There is also a growing understanding that the charging infrastructure will have to be shared between all modes of electric vehicles, ranging from e-bikes and e-scooters to electric cars and vans or even buses and trucks. Therefore, it must accommodate both individual and commercial mobility needs. I am happy that these concepts are being explored and further developed. POLIS is involved in the eHubs project, where 6 partner cities work on setting-up plazas where citizens can choose from different shared electric mobility services, while ASSURED is looking into charging infrastructure for heavy-duty commercial vehicles.

"If we want our mobility to be 100% electric in the future, the locations where charging infrastructure is being rolled out have to be thought through, thus avoiding an ad-hoc approach."

Second consideration in the deployment of charging infrastructure is the energy that is being used for e-mobility. To increase the sustainability of e-mobility, energy that is being produced and consequently consumed at the charging points needs to be clean. The IMET White Paper rightly suggests decentralised energy system, focusing on small-scale electricity production. What one should indeed consider is how and by whom this energy is managed. This is a big question that still remains unanswered. European initiatives like CleanMobileEnergy are trying to find smart solutions for managing the grid. The local grid approach can help grid stability, shaving off the peaks and allowing consumer to become prosumers. In the framework of the SEEV4City project, POLIS, together with Northumbria University and AVERE have produced a set of recommendations for the harmonisation of  energy and mobility plans as well for V2G and smart charging infrastructure .

Last but not least, user-friendly charging infrastructure that is interoperable, price transparent and easily accessible can considerably boost the shift towards and acceptance of e-mobility.
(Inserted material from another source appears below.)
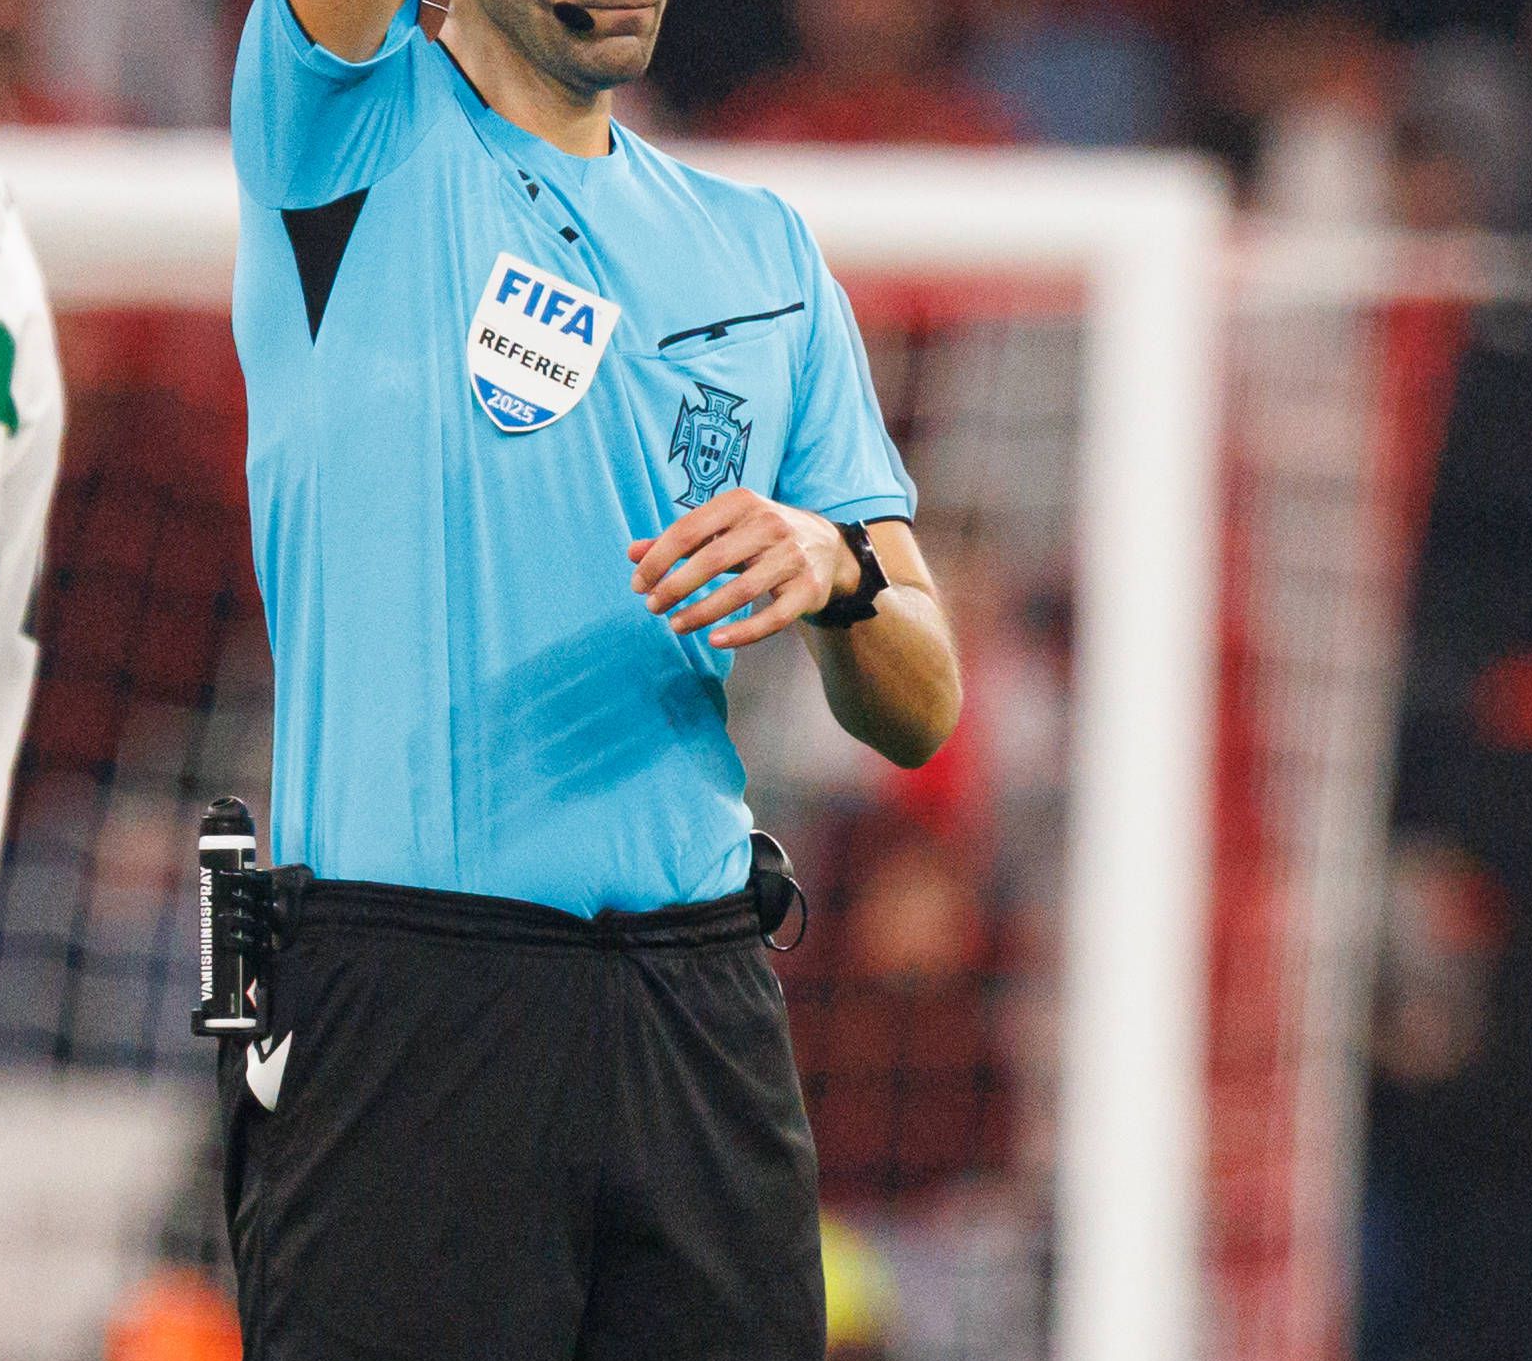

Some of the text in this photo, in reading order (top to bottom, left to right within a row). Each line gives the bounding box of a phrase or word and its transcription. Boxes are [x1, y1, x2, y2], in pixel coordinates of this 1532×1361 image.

[495, 267, 595, 346] FIFA
[479, 327, 580, 390] REFEREE
[487, 389, 538, 424] 2025
The recently launched project eCharge4Drivers, where POLIS has an active role, focuses on charging experiences in urban areas and interurban corridors and will demonstrate additional convenient charging options within cities, including mobile charging services, charge points at lamp posts, networks of battery swapping stations for light electric vehicles, and a transportable charging station service to cover temporary needs.
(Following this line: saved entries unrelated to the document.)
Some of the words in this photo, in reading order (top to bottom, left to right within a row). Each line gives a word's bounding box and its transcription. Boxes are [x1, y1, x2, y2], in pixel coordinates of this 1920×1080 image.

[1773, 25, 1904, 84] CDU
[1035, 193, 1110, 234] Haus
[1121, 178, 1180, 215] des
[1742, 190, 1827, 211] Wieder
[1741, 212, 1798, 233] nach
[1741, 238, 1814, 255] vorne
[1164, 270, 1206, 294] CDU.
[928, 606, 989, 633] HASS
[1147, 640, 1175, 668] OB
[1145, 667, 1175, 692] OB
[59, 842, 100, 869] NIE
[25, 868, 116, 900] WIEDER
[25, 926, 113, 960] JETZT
"User-friendly charging infrastructure that is interoperable, price transparent and easily accessible can considerably boost the shift towards and acceptance of e-mobility"
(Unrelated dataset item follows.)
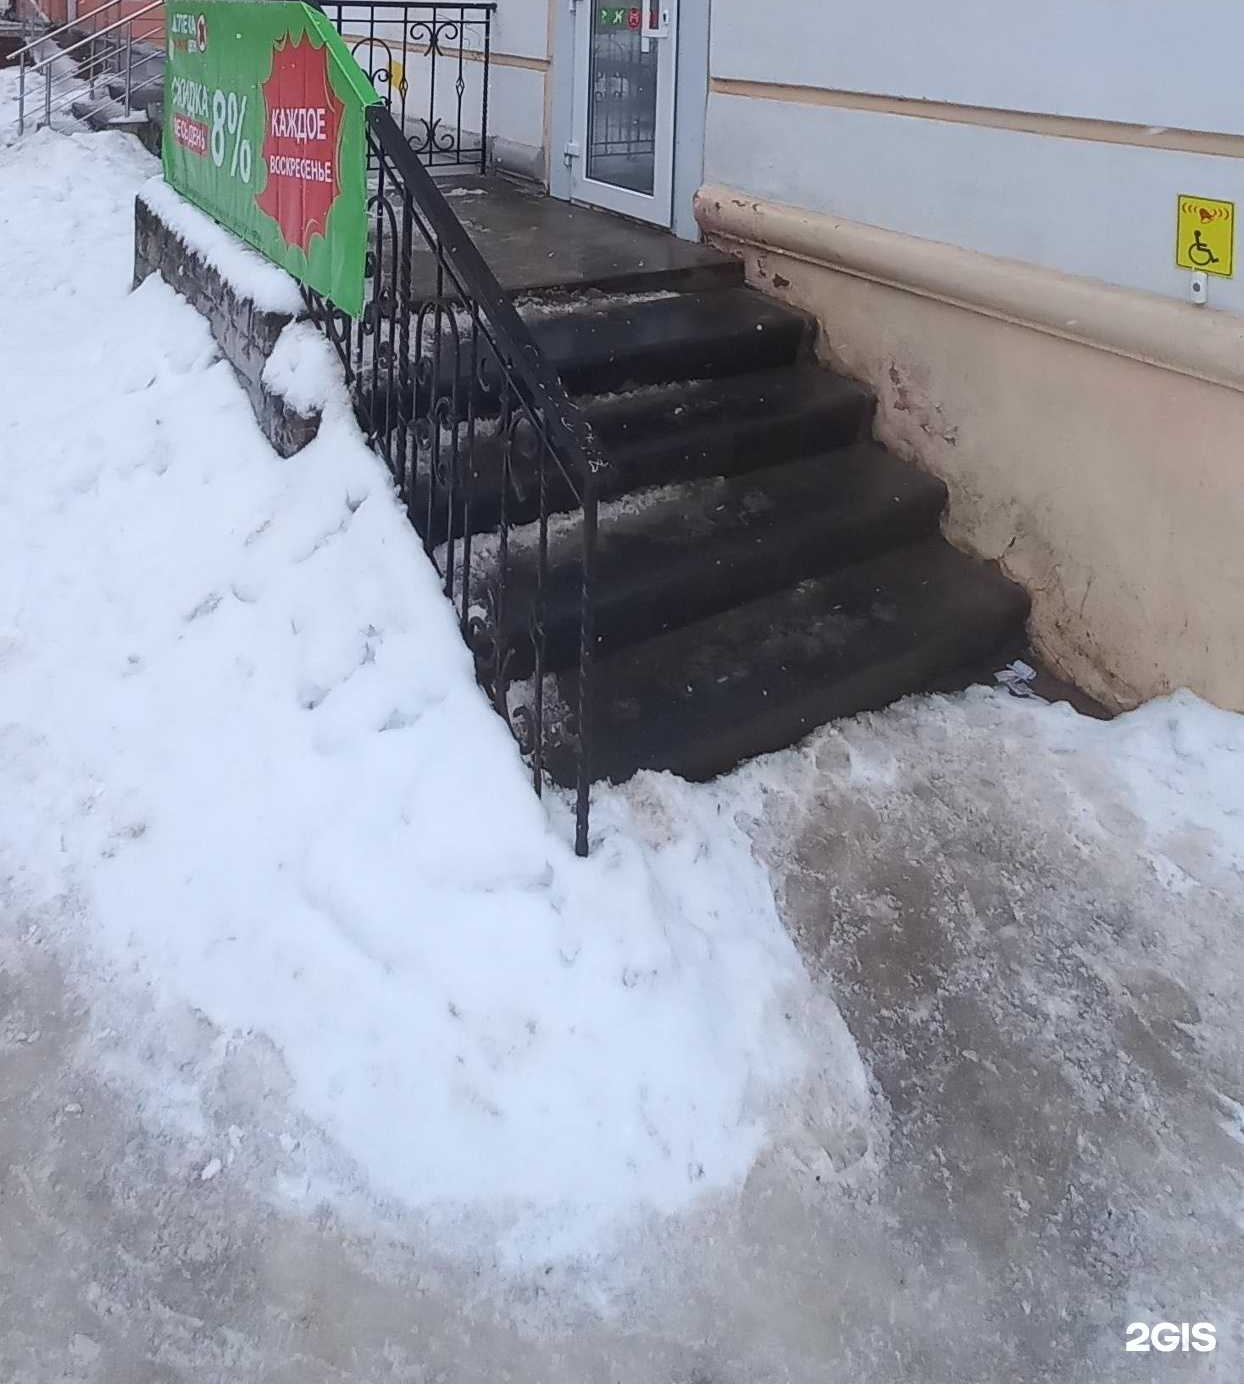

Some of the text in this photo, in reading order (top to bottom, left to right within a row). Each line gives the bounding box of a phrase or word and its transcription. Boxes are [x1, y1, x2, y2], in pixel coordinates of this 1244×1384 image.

[211, 89, 252, 184] 8%
[271, 107, 328, 145] КАЖДОЕ
[268, 154, 334, 184] ВОСКРЕСЕНЬЕ
On a policy level, following the mandate provided by the STF 2019 plenary, POLIS and TNO have substantially assisted the European Commission in the development of ‘recommendations for public authorities on procuring, awarding concessions, licenses and/or granting support for electric recharging infrastructure for passenger cars and vans’. The report, developed under the EAFO 2 project, due to be published before the end of this year,  contributes to the ongoing AFID revision.

What are the next steps?

We aim to contribute to the ambitious and necessary objectives of the Green Deal. What is now needed is to create a sense of urgency and awareness of the importance of this transition toward sustainable mobility, and how it can help to build better cities for the future. This is also reflected in the Urban Green-Deal Makers POLIS Pledge launched at the 2020 POLIS conference, where cities and regions show how important they are in decarbonizing the transport sector.

Reaching the Green Deal goals will have to be done through a diverse and wide-ranging set of different measures going well beyond just electrification. For electromobility in particular, we believe there is a need to advance the harmonisation of energy and mobility plans with a more inter-sectoral and inter-departmental cooperation, with clear long-term roadmaps to achieve sustainable mobility.

From POLIS’ side, we will continue to bring cities together, to facilitate the exchange with the industry, and ensure the cities’ voices are heard on the EU level.